> INFORMATION GIVEN:
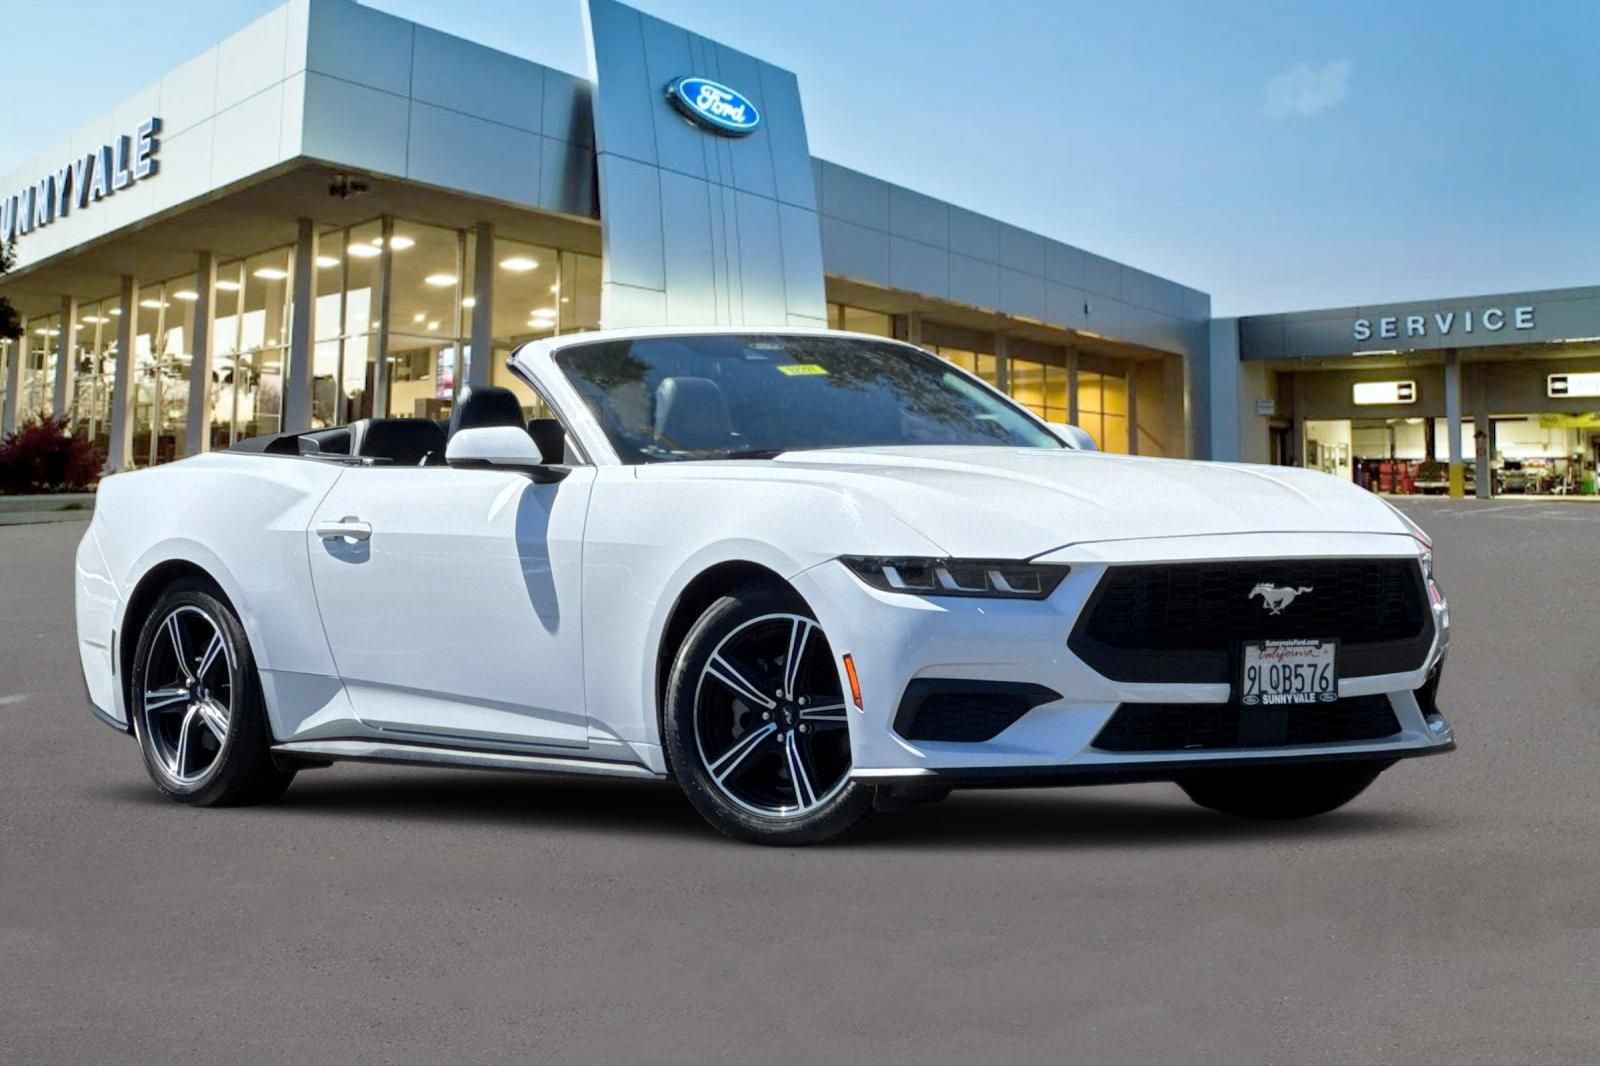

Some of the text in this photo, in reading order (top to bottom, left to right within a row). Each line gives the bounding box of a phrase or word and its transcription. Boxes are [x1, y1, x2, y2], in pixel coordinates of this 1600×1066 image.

[696, 85, 746, 122] Ford
[0, 117, 162, 244] UNNYVALE
[1353, 306, 1535, 340] SERVICE
[1247, 663, 1330, 694] 9LQB576
[1262, 693, 1316, 704] SUNNYVALE
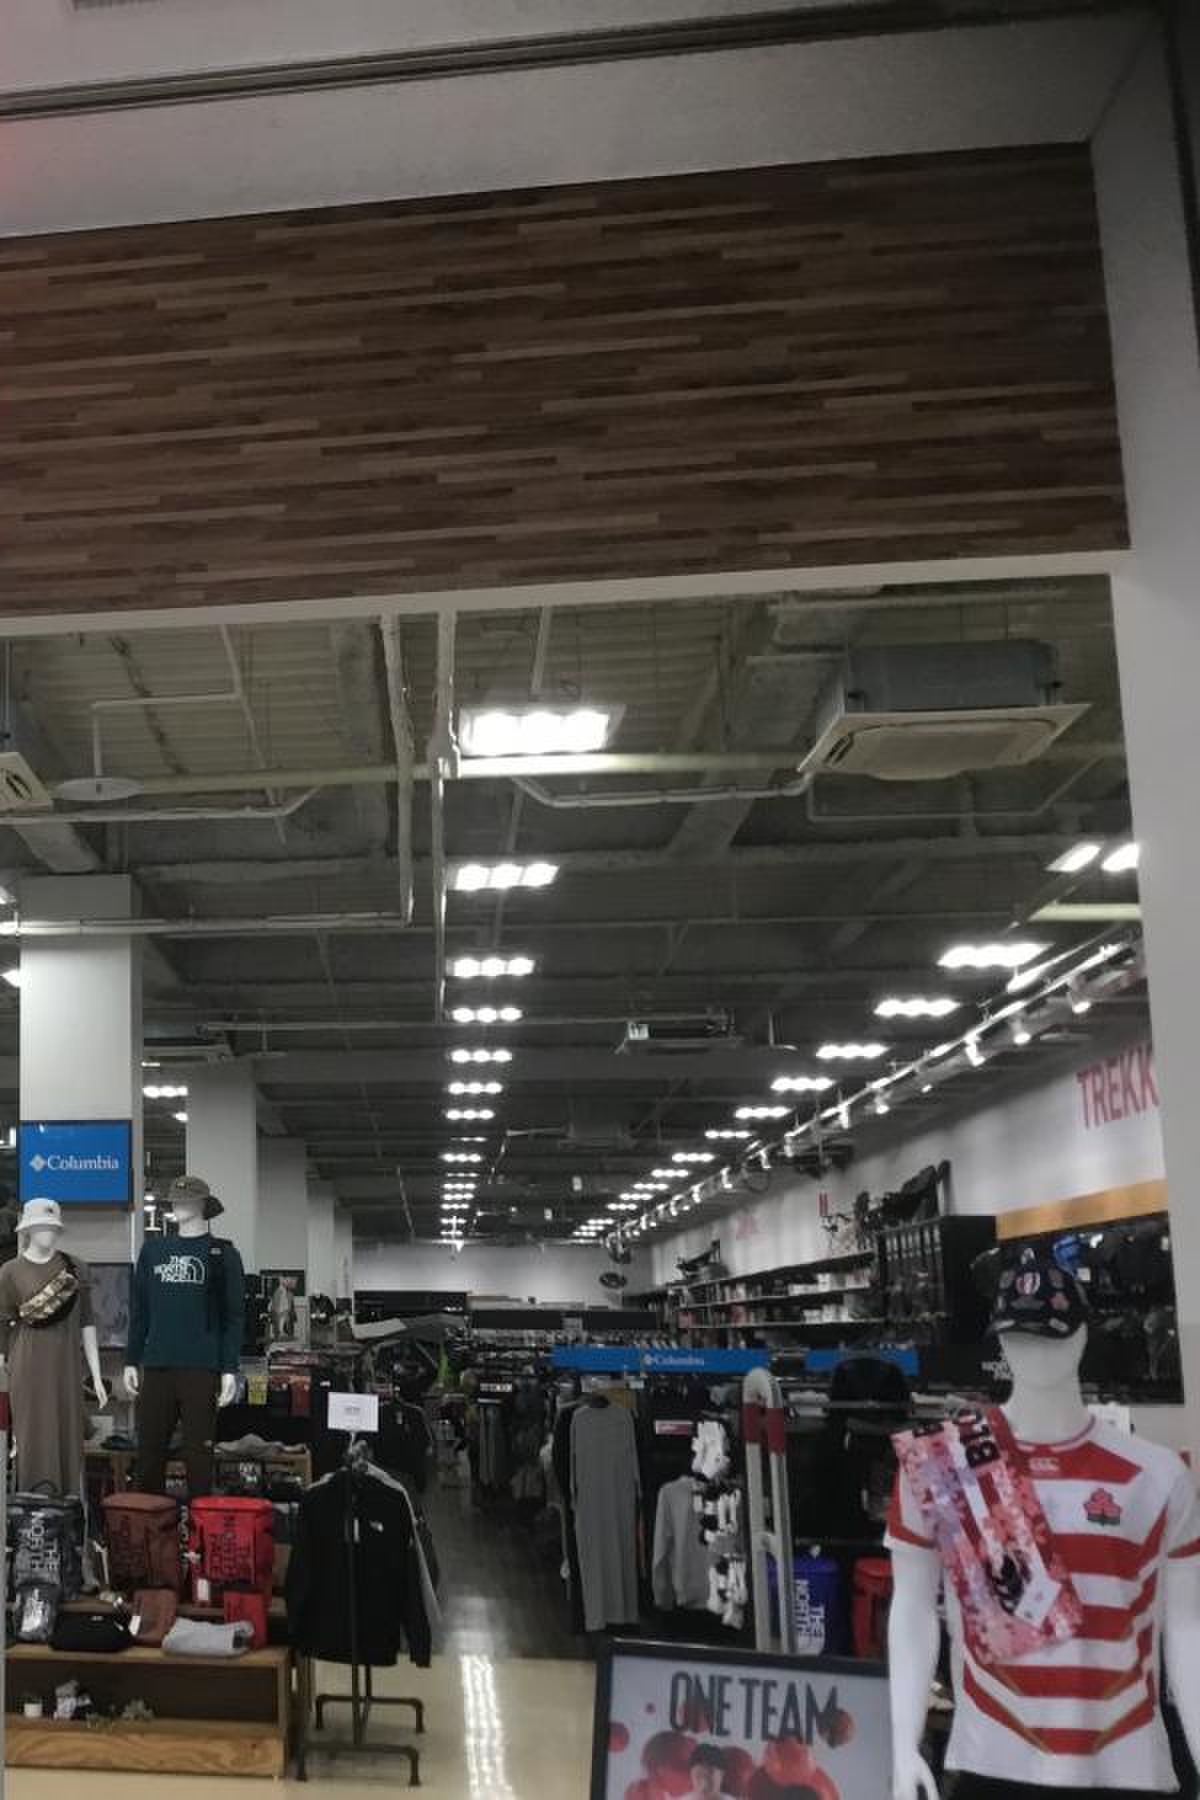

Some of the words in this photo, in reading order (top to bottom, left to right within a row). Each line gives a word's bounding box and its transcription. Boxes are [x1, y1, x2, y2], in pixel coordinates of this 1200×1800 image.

[1077, 1043, 1160, 1128] TREKK
[47, 1155, 120, 1170] Columbia
[669, 1671, 733, 1737] ONE
[739, 1677, 839, 1748] TEAM
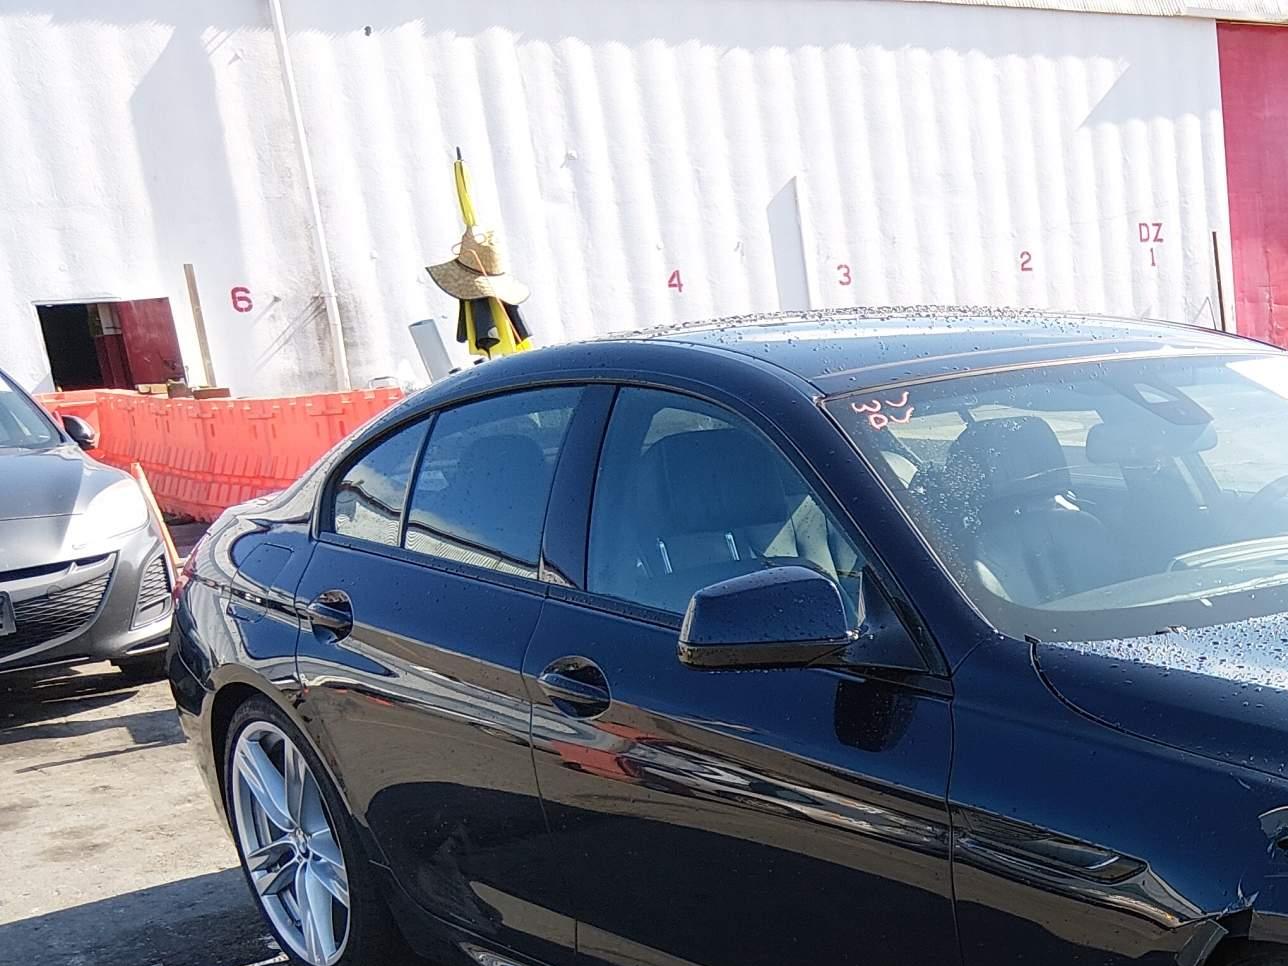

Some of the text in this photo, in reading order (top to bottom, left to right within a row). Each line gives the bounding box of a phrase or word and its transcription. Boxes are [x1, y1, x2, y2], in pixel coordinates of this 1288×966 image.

> ABOUT THIS EXERCISE:
Print the material above verbatim except the pictures.

> RESPONSE TO THE TASK:
Some of the text in this photo, in reading order (top to bottom, left to right within a row). Each line gives the bounding box of a phrase or word and its transcription. Boxes are [x1, y1, x2, y2], in pixel coordinates of this 1600×1066 image.

[696, 85, 746, 122] Ford
[0, 117, 162, 244] UNNYVALE
[1353, 306, 1535, 340] SERVICE
[1247, 663, 1330, 694] 9LQB576
[1262, 693, 1316, 704] SUNNYVALE

Some of the words in this photo, in reading order (top to bottom, left to right within a row). Each line gives a word's bounding box and its transcription. Boxes are [x1, y1, x2, y2], in pixel coordinates of this 1200×1800 image.

[1077, 1043, 1160, 1128] TREKK
[47, 1155, 120, 1170] Columbia
[669, 1671, 733, 1737] ONE
[739, 1677, 839, 1748] TEAM

Some of the text in this photo, in reading order (top to bottom, left to right within a row). Each line gives the bounding box of a phrase or word and its transcription. Boxes are [x1, y1, x2, y2], in pixel coordinates of this 1288×966 image.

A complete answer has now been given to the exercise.